SUPPLIED DATA START
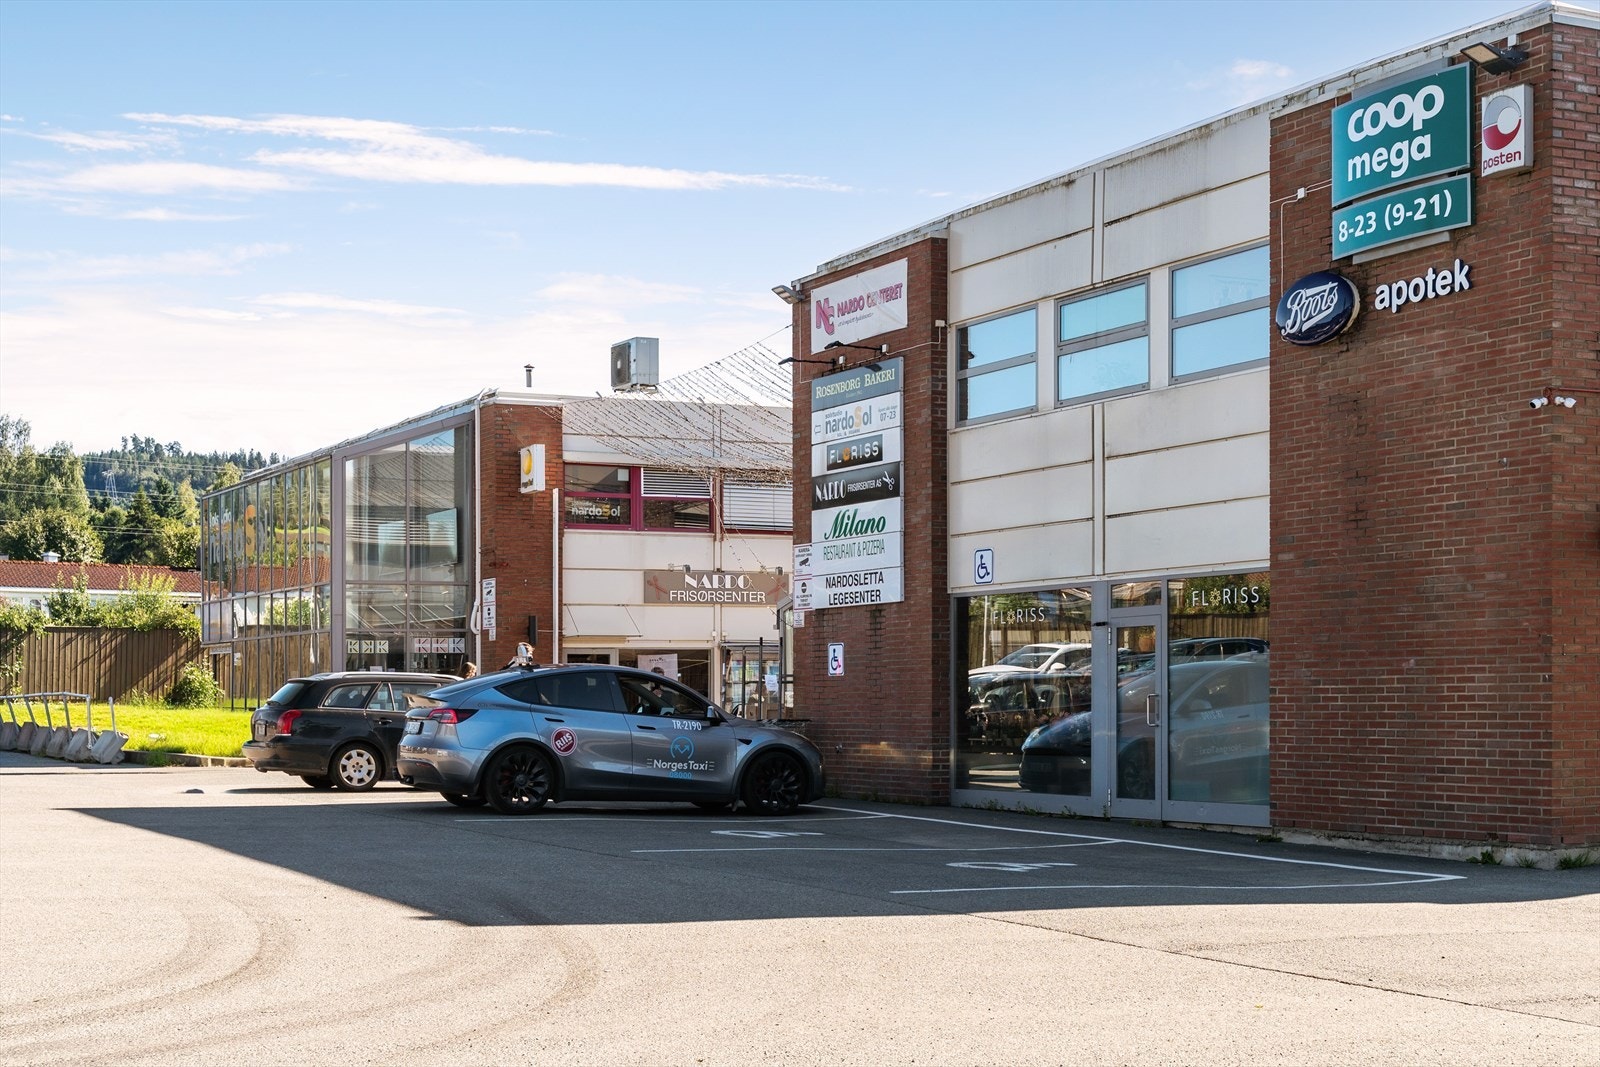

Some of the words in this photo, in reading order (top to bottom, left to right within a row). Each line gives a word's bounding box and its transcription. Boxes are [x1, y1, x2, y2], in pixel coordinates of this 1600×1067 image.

[1347, 84, 1445, 143] coop
[1347, 134, 1431, 182] mega
[1482, 149, 1521, 174] posten
[1338, 211, 1377, 242] 8-23
[1384, 190, 1452, 231] (9-21)
[1374, 259, 1471, 314] apotek
[837, 295, 865, 318] NARDO
[1281, 281, 1340, 336] Boots
[864, 368, 895, 387] BAKERI
[830, 441, 879, 464] FLORISS
[815, 479, 847, 502] NARDO
[824, 508, 886, 540] Milano
[823, 541, 857, 561] RESTAURANT
[857, 541, 862, 557] &
[863, 539, 886, 555] PIZZERIA
[684, 573, 753, 589] NARDO
[826, 571, 884, 590] NARDOSLETTA
[669, 590, 766, 603] FRISØRSENTER
[828, 589, 881, 606] LEGESENTER
[672, 720, 702, 731] TR-2190
[555, 732, 573, 749] RIIS
[653, 759, 709, 772] NorgesTaxi
SUPPLIED DATA END
*TASK TO COMPLETE*. Restate each record from above word for word, excluding any picture it holds.

*RESULT FOR THIS TASK*.
Some of the words in this photo, in reading order (top to bottom, left to right within a row). Each line gives a word's bounding box and its transcription. Boxes are [x1, y1, x2, y2], in pixel coordinates of this 1600×1067 image.

[1347, 84, 1445, 143] coop
[1347, 134, 1431, 182] mega
[1482, 149, 1521, 174] posten
[1338, 211, 1377, 242] 8-23
[1384, 190, 1452, 231] (9-21)
[1374, 259, 1471, 314] apotek
[837, 295, 865, 318] NARDO
[1281, 281, 1340, 336] Boots
[864, 368, 895, 387] BAKERI
[830, 441, 879, 464] FLORISS
[815, 479, 847, 502] NARDO
[824, 508, 886, 540] Milano
[823, 541, 857, 561] RESTAURANT
[857, 541, 862, 557] &
[863, 539, 886, 555] PIZZERIA
[684, 573, 753, 589] NARDO
[826, 571, 884, 590] NARDOSLETTA
[669, 590, 766, 603] FRISØRSENTER
[828, 589, 881, 606] LEGESENTER
[672, 720, 702, 731] TR-2190
[555, 732, 573, 749] RIIS
[653, 759, 709, 772] NorgesTaxi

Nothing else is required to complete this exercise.